When life has you on your hands and knees, choose to crawl and be thankful.
In the past couple of weeks, I have been struggling with the compounding effects of prednisone. Sleeplessness, moodiness and irritability, endless hunger, rapid weight gain, dizziness and an especially obnoxious acne breakout. Sounds lovely, doesn’t it?
It certainly feels like a challenge to be me in moments, and word on the street is, I’ve been a bit of a bitch to live with. Thank goodness for the foundation of love and respect that Vea and I have built. I’m also quite thankful that Vea knows the real “me”, and can muster the grace, compassion and patience to give me the space I need right now.
In light of these struggles and challenges, I decided to share an article that I clipped from the newspaper well over 10 years ago. It was relevant to what I was going through at the time, and it has been meaningful at different periods ever since. I have been thinking about this article off and on in the past week, and today was compelled to dig it out and give it another look. Just reading these words raises my vibration, and makes me feel hopeful and thankful again. It’s my hope that they do something similar for you!
“BE THANKFUL FOR THE DIFFICULT THINGS IN LIFE, TOO”
By Bob Greene, nationally syndicated columnist for the Chicago Tribune
Let us take a moment to be grateful not for the good things with which we have been blessed – but for the difficult things that make us feel frustrated and small. The importance of those vexing things is vastly underestimated. And in the end, it is often those things that make us as good as we are.

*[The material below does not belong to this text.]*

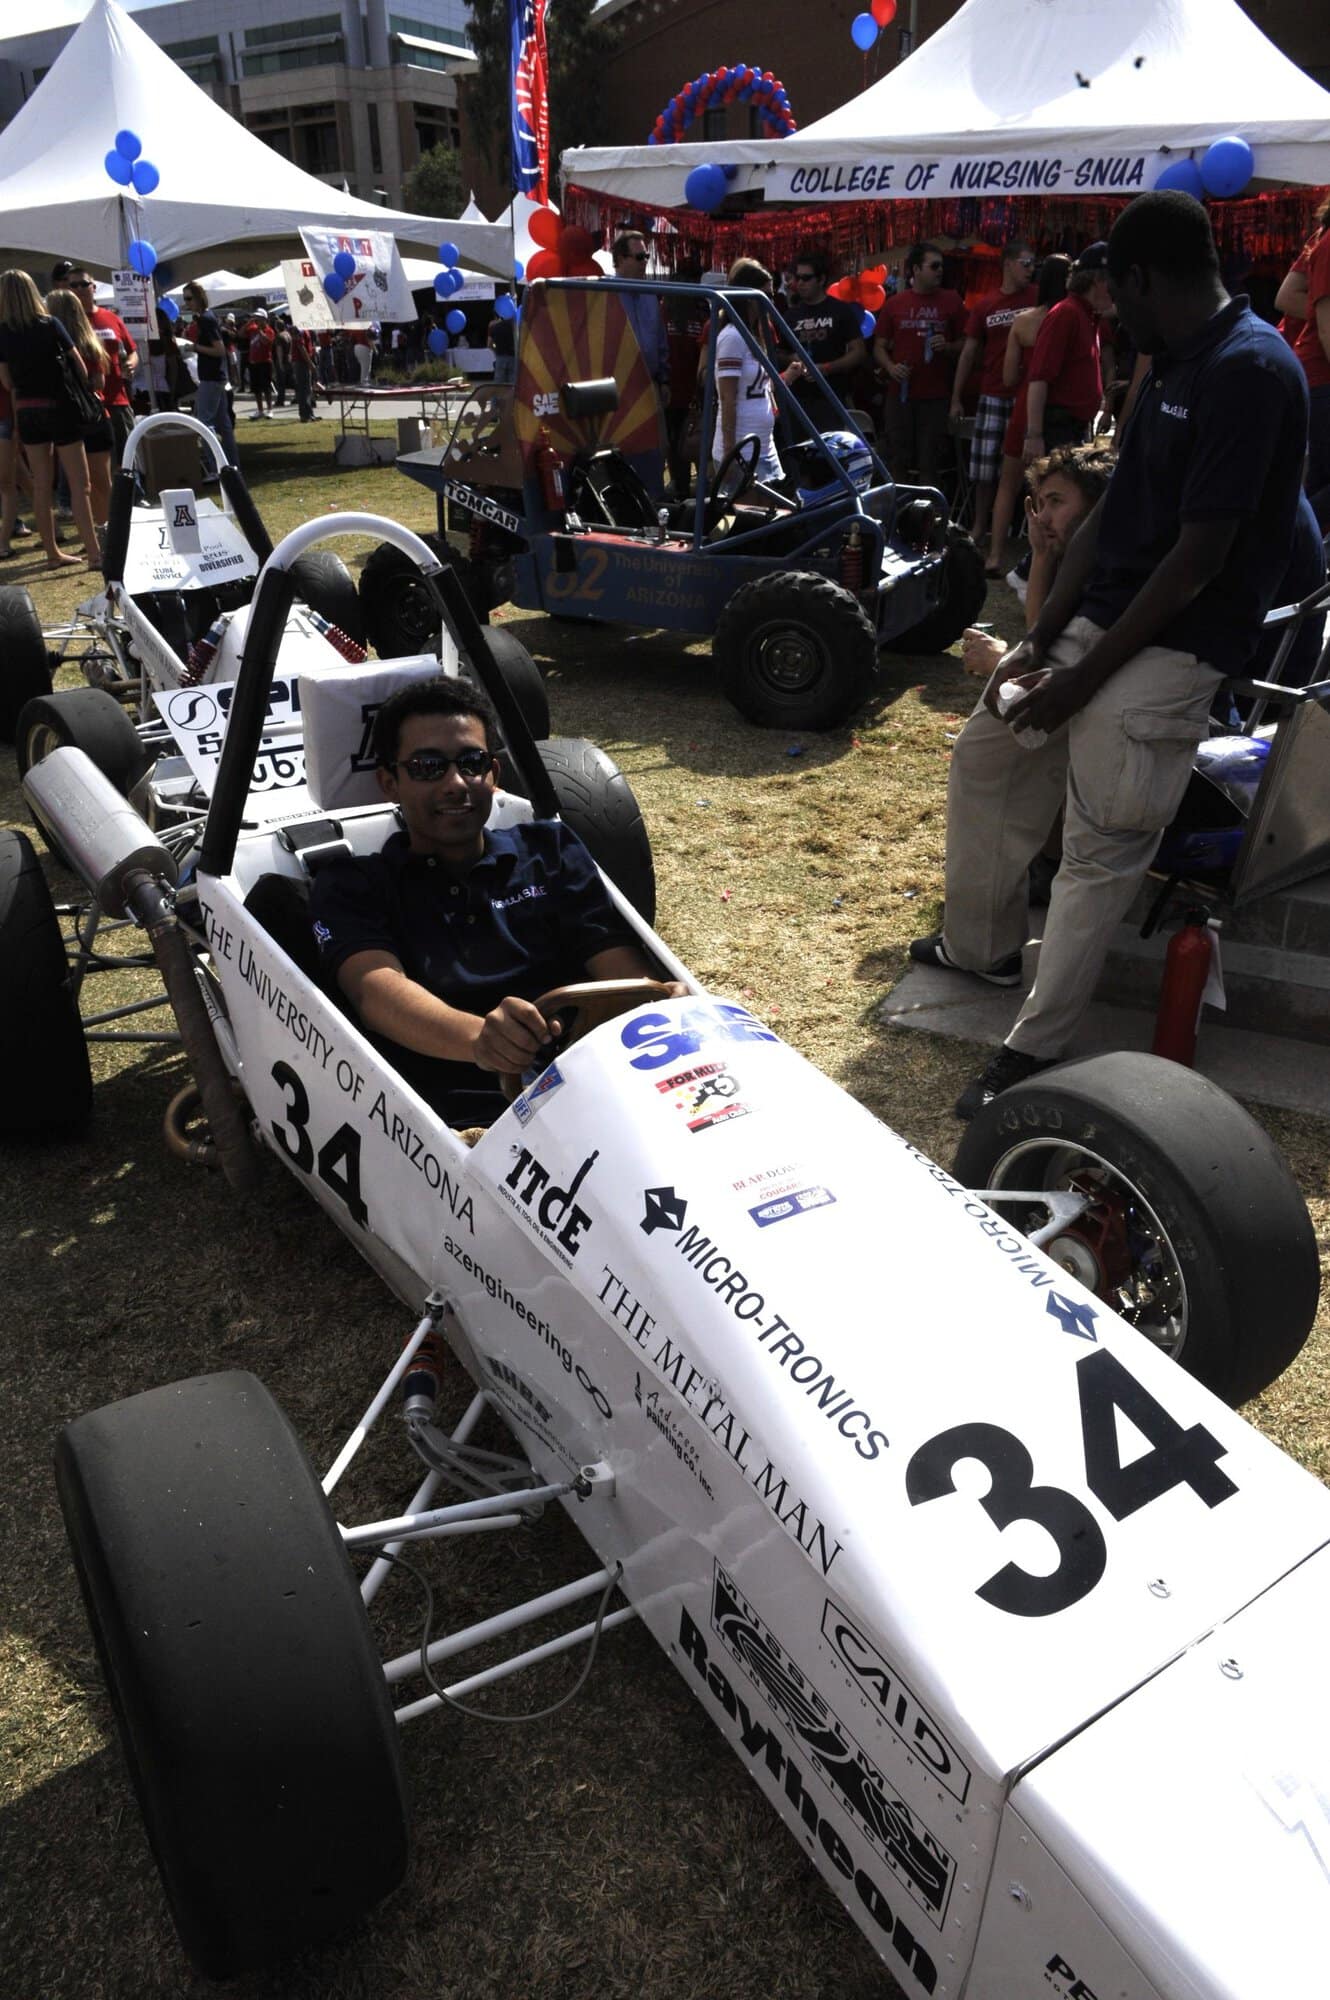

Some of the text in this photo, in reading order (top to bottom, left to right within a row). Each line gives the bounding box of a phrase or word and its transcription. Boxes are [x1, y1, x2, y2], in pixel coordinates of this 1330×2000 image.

There was a quote in the newspaper the other day – something that was said by Ara Parseghian, the legendary retired football coach who found his greatest triumphs at Notre Dame. Parseghian had been asked to reflect on his Saturdays of victory there. “I can remember every detail of every one of my losses” he said.” I can barely remember anything about my wins.'”In those few words, you can find an entire library’s worth of advice on how to be a success in life. And any person who has ever been a success can vouch for the truth in those words. “I can remember every detail of every one of my losses…”
The thing I will recall the longest about John Glenn’s recent return to space is not anything that happened during the blastoff, or during the days of orbiting the Earth. What will stay in my mind is something that Glenn said after he and the crew of the Discovery had returned to Cape Canaveral. Glenn, as you will remember, was having some trouble readjusting to the Earth’s atmosphere after the space shuttle had landed. He and his fellow astronauts waited longer than anyone had expected to emerge and do the traditional walk-arund of the spacecraft on the runway.
It would turn out that he was feeling weak and wobbly; at 77 his re-entry to Earth’s gravity was causing him more problems than he had hoped. The crew waited with him until he thought he was ready to attempt the walk. If you saw it, you know that Glenn was unsteady on his feet as he made the walk-around; he seemed to be taking special care to keep his balance, not to fall. The next day, at the crew’s first post-flight press conference, he was asked about that – was asked what had been going on while the crew delayed the walk-around. Had Glenn ever considered the possibility of not making the ceremonial walk? He answered in that even, flat central-Ohio voice of his – a voice that sounds like music to me, a voice I have heard thousands upon thousands of times, coming from thousands and thousands of Ohioans, in the years of my growing up. Had there been a chance that Glen n was going to decline making the walk? Glenn looked at the questioner, and answered: “If I would have been on my hands and knees, I was going to do it.”
Was there a person who doubted that he meant every single word? When things are going great – when the world is telling you how wonderful you are – those are not the moments worth keeping in your heart. The moments that forge you – the moments that make you a winner – are the moments of no cheers at all, the moments of no praise. Glenn has known so many of those moments – if you study his life, you will find that the times he rose to the top always followed times of failure, of being passed over, left behind. The world has seen him only as a winner. He knows different.
If you have never stumbled – or if you have stumbled and not cared – then you are missing something essential in life. If the times you have lost, the times you have been found wanting, don’t mean much to you – if you have regarded those times with a shrug, as something inevitable – then you might not fully comprehend the quiet ferocity obehind Glenn’s words. “If I would have been on my hands and knees, I was going to do it.”
Is a person like Ara Parseghian robbing himself of something? If you can’t enjoy your days of victory – if you can hardly remember them, if your nights of defeat and despair are with you all the time, in every detail, and your bright afternoons of victory are scarcely recalled at all, lost in the haze – are you cheating yourself out of life’s greatest bounty? Not necessarily. The trophies in your life – symbolic and actual – can do nothing but sit there and tarnish. They aren’t essential to who you are. What is essential? What does matter? The part of you that wants something so badly you would get on your hands and knees and crawl for it. The part of you so alive, so hungry. Be thankful for that part of you. Your best and truest self.